# PROBLEM REQUIREMENTS
Each entry below should be written out exactly as it is, with no pictures.

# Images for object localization
====================
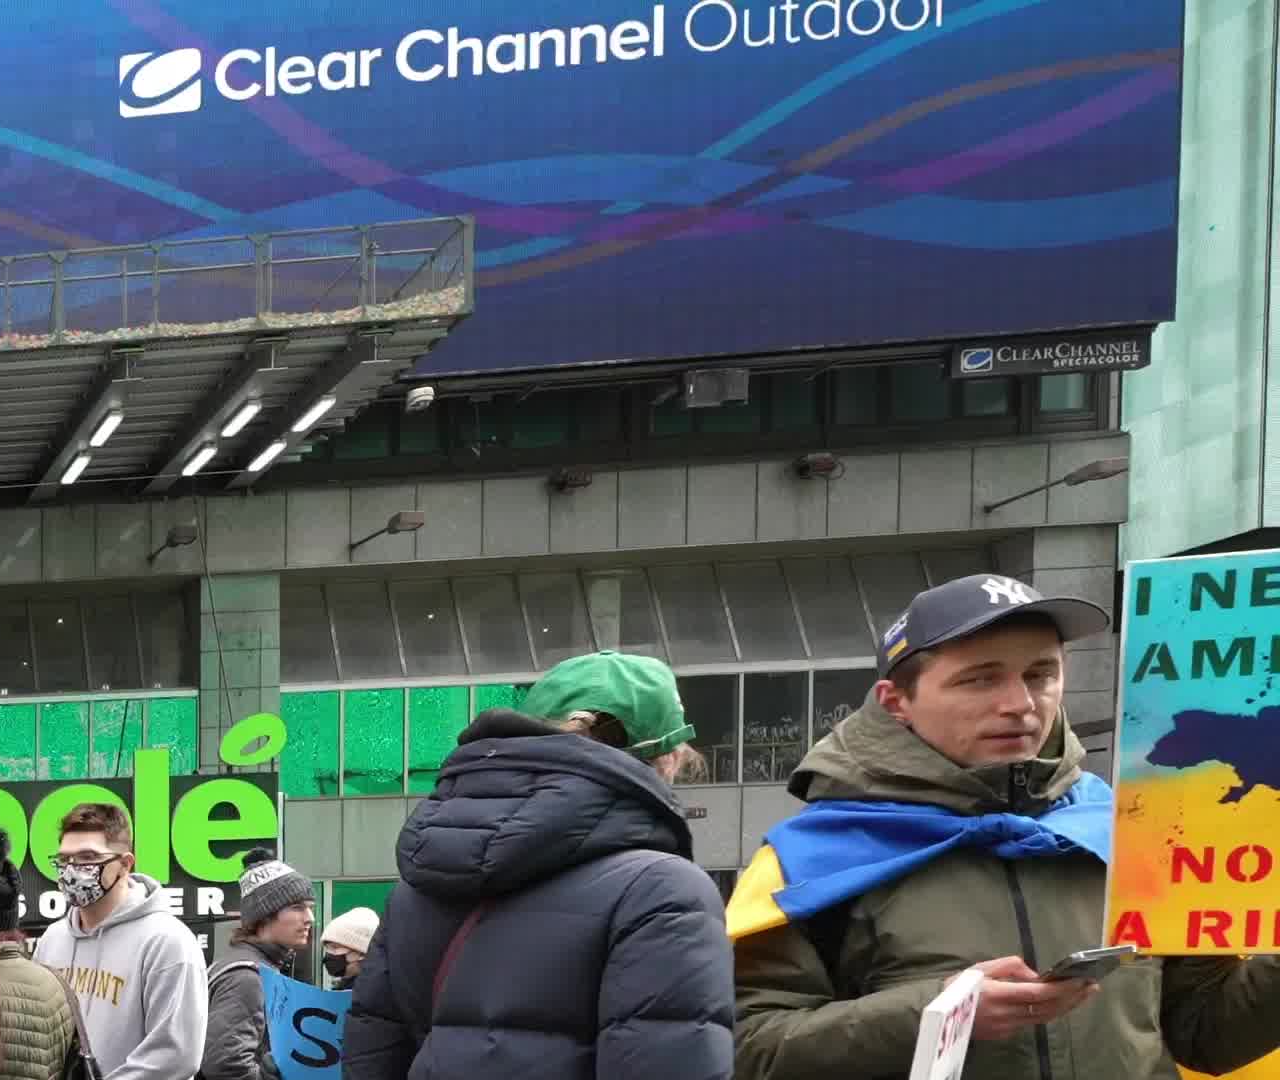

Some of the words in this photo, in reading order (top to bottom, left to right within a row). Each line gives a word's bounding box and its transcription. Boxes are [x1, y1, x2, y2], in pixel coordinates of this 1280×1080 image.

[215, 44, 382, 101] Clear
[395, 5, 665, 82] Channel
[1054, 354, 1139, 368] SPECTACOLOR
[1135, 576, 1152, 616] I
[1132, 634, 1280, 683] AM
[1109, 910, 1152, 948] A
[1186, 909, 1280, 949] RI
====================
# WRITTEN RESPONSE
Some of the words in this photo, in reading order (top to bottom, left to right within a row). Each line gives a word's bounding box and its transcription. Boxes are [x1, y1, x2, y2], in pixel coordinates of this 1280×1080 image.

[215, 44, 382, 101] Clear
[395, 5, 665, 82] Channel
[1054, 354, 1139, 368] SPECTACOLOR
[1135, 576, 1152, 616] I
[1132, 634, 1280, 683] AM
[1109, 910, 1152, 948] A
[1186, 909, 1280, 949] RI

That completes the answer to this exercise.